--- Records shown ---

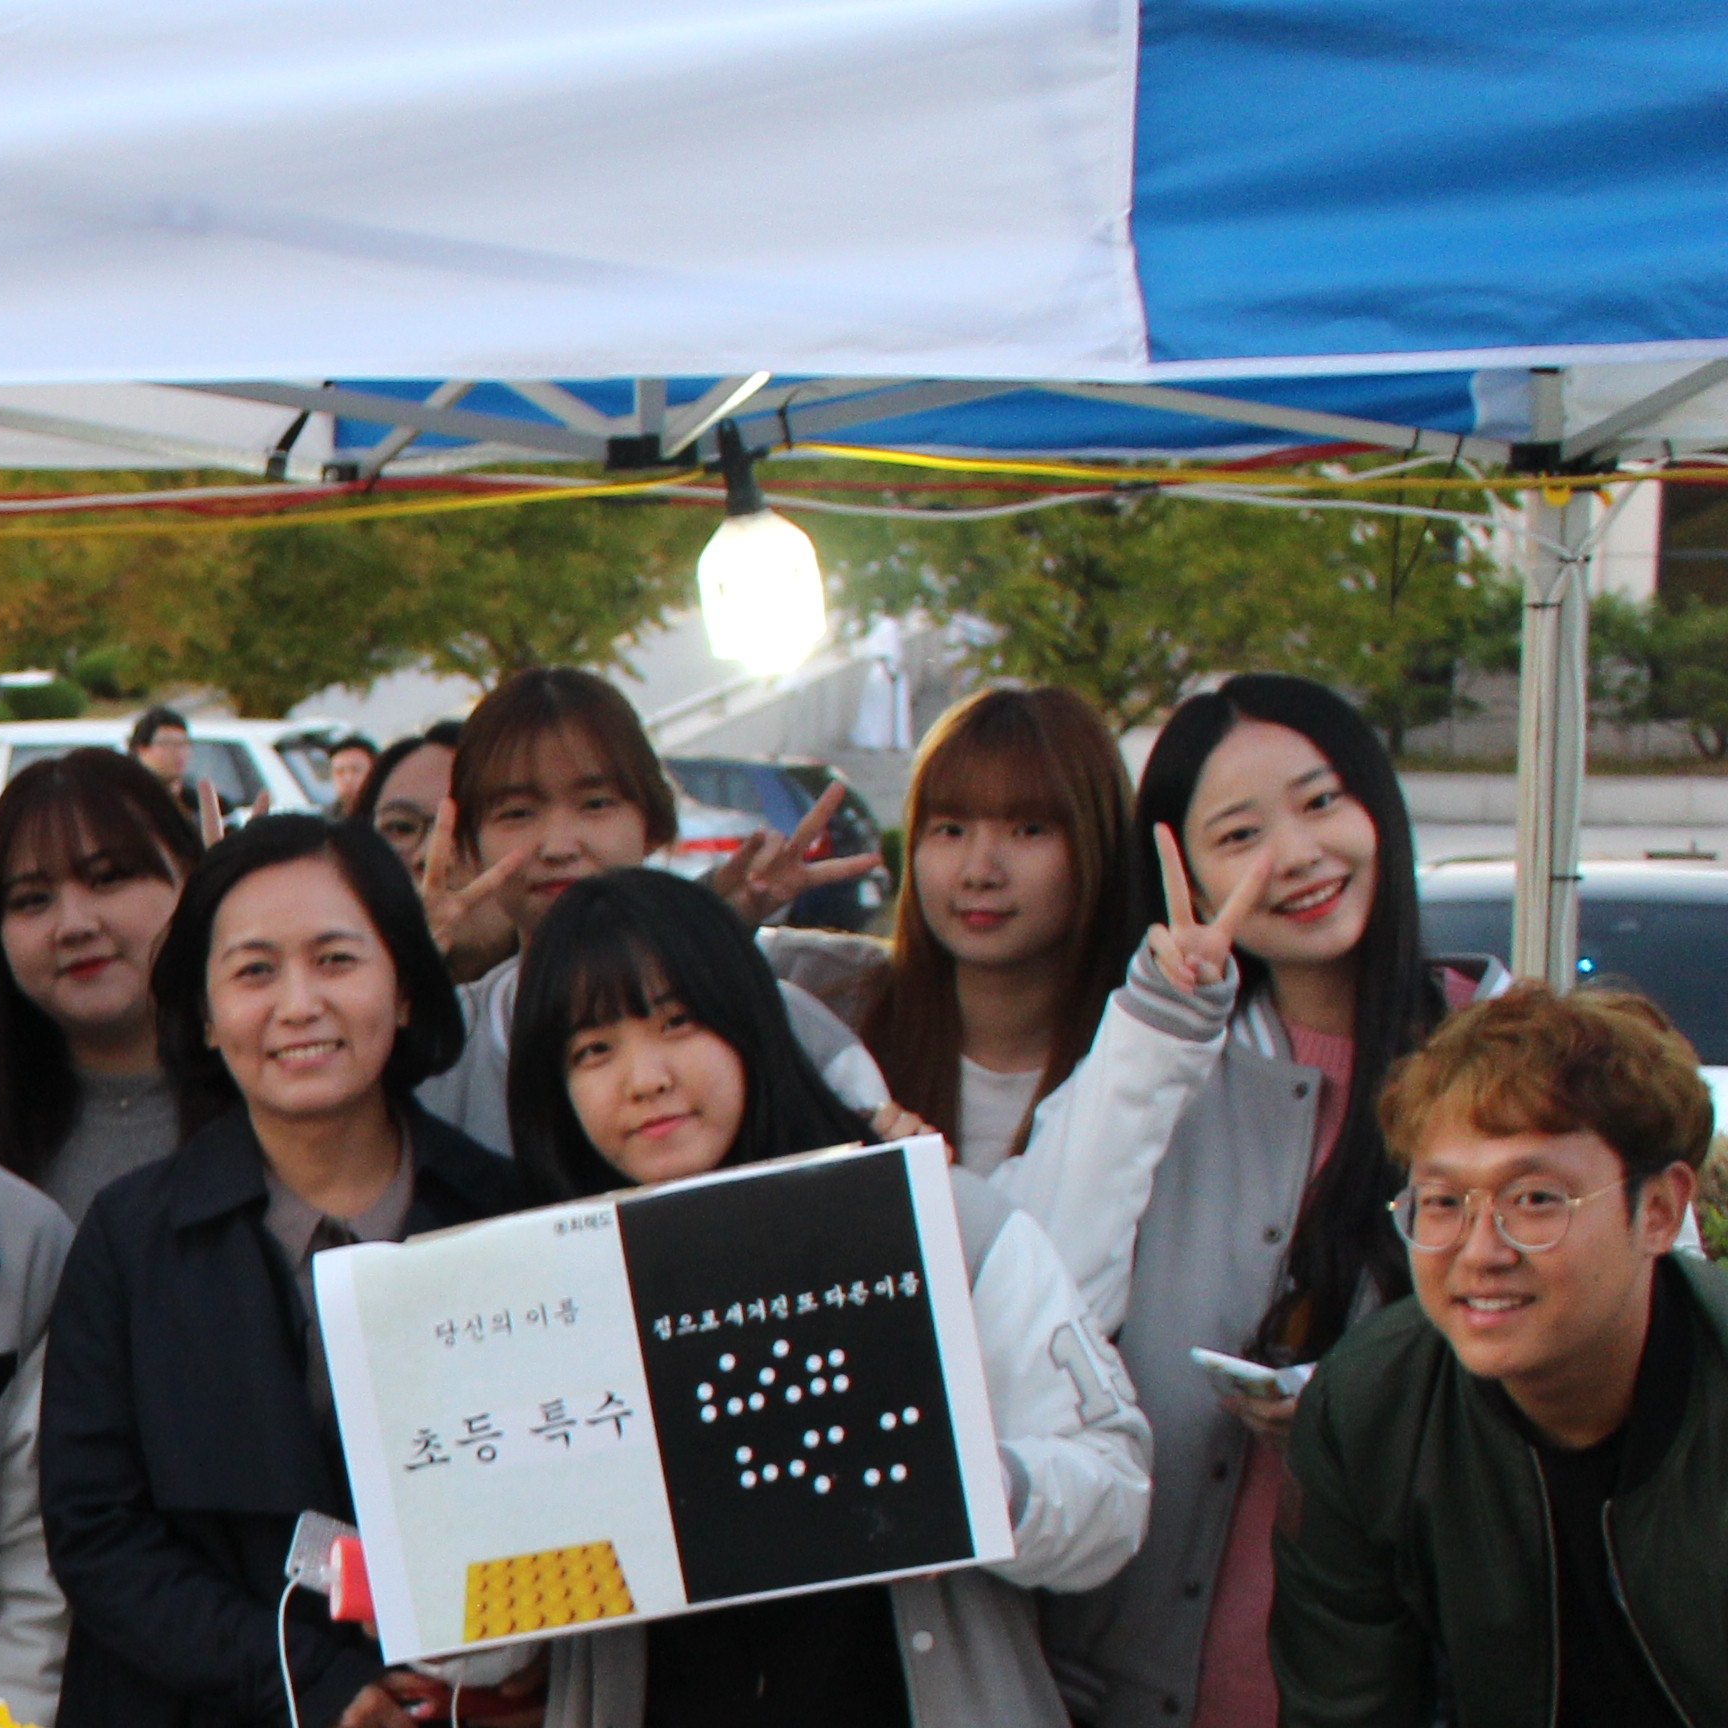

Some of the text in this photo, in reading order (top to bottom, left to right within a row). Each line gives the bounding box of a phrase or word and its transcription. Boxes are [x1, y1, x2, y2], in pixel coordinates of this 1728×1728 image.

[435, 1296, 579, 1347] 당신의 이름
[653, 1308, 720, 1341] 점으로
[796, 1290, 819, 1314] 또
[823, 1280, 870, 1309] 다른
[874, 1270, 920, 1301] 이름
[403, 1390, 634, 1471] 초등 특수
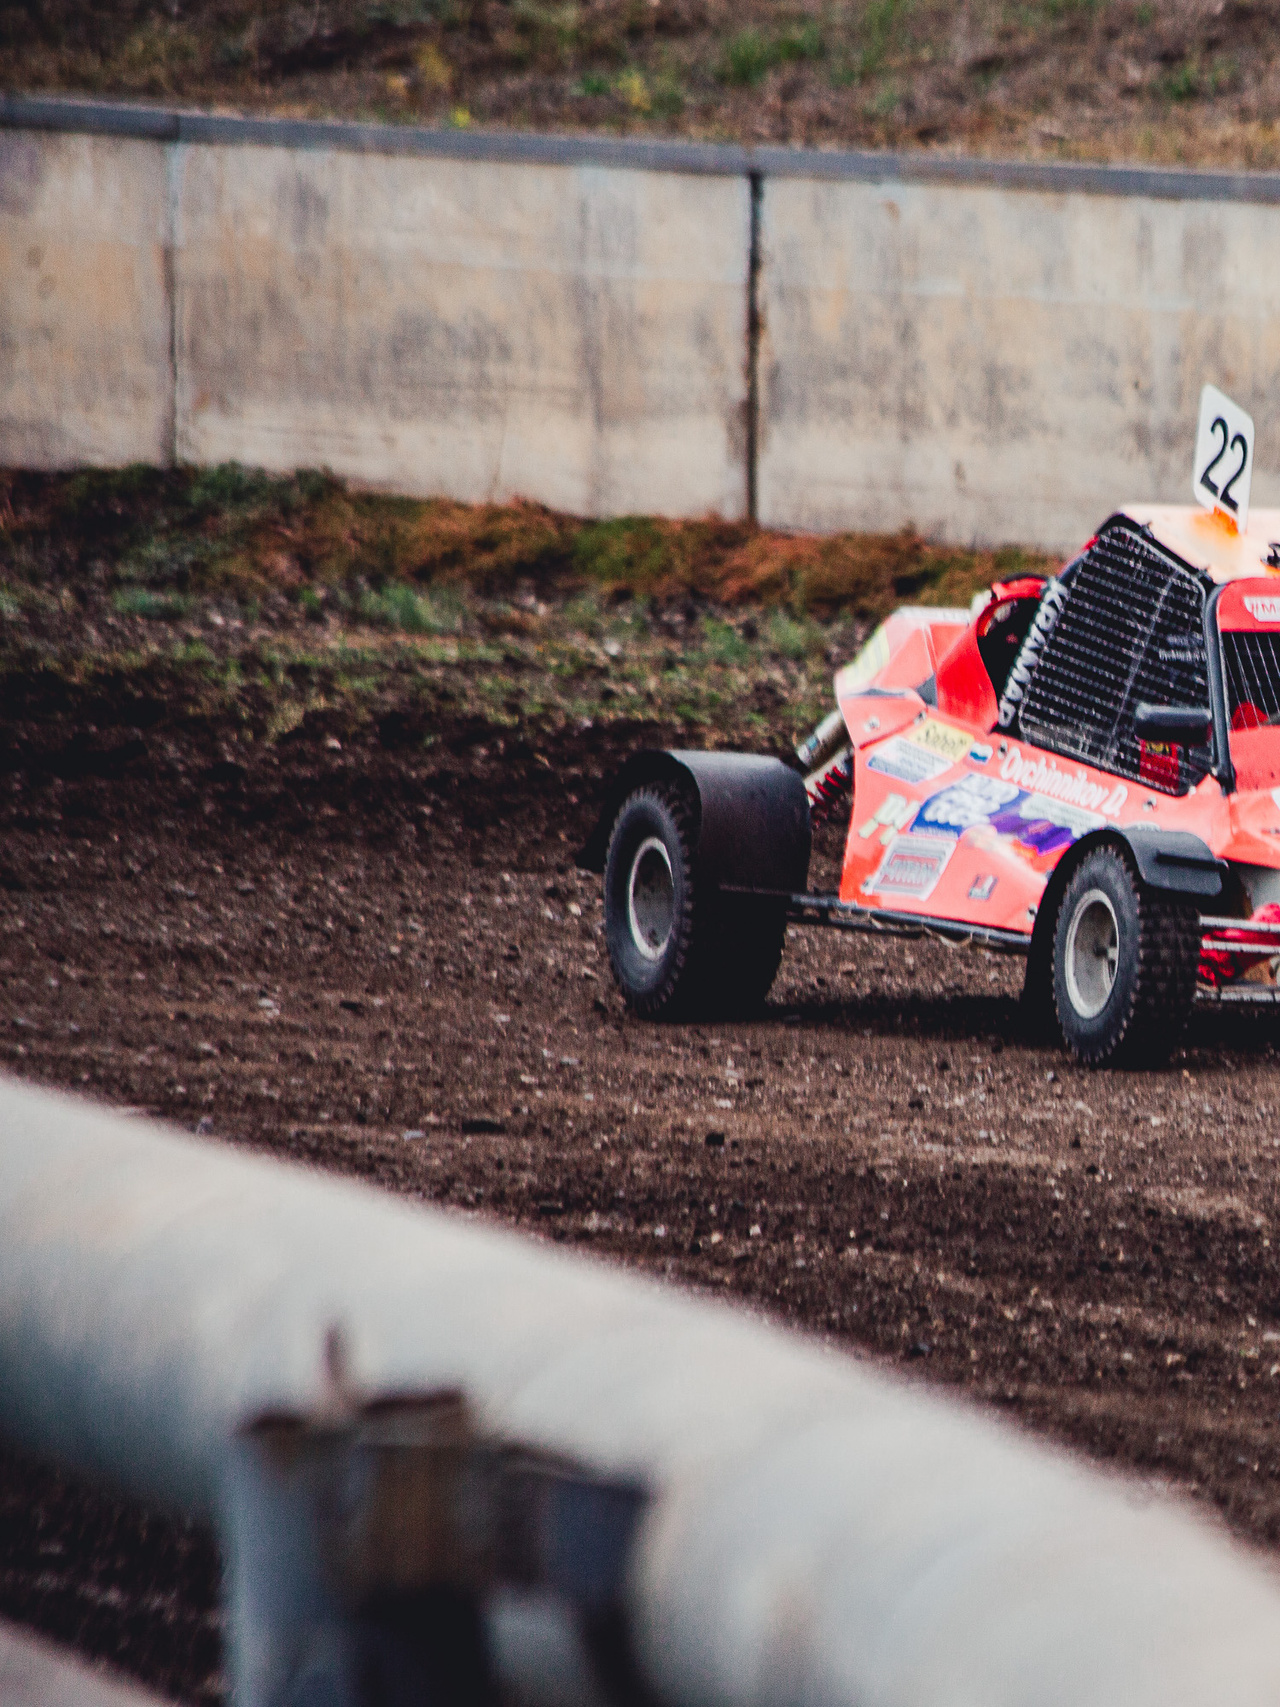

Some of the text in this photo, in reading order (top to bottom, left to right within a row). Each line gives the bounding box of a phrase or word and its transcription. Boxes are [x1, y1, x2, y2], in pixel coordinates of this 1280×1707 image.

---

Transcribe each line above verbatim, with the pictures left out.

[Result below]
Some of the text in this photo, in reading order (top to bottom, left to right within a row). Each line gives the bounding box of a phrase or word and its transcription. Boxes are [x1, y1, x2, y2], in pixel coordinates of this 1728×1728 image.

[435, 1296, 579, 1347] 당신의 이름
[653, 1308, 720, 1341] 점으로
[796, 1290, 819, 1314] 또
[823, 1280, 870, 1309] 다른
[874, 1270, 920, 1301] 이름
[403, 1390, 634, 1471] 초등 특수

Some of the text in this photo, in reading order (top to bottom, left to right within a row). Each line gives the bounding box of a phrase or word and its transcription. Boxes are [x1, y1, x2, y2], in pixel coordinates of this 1280×1707 image.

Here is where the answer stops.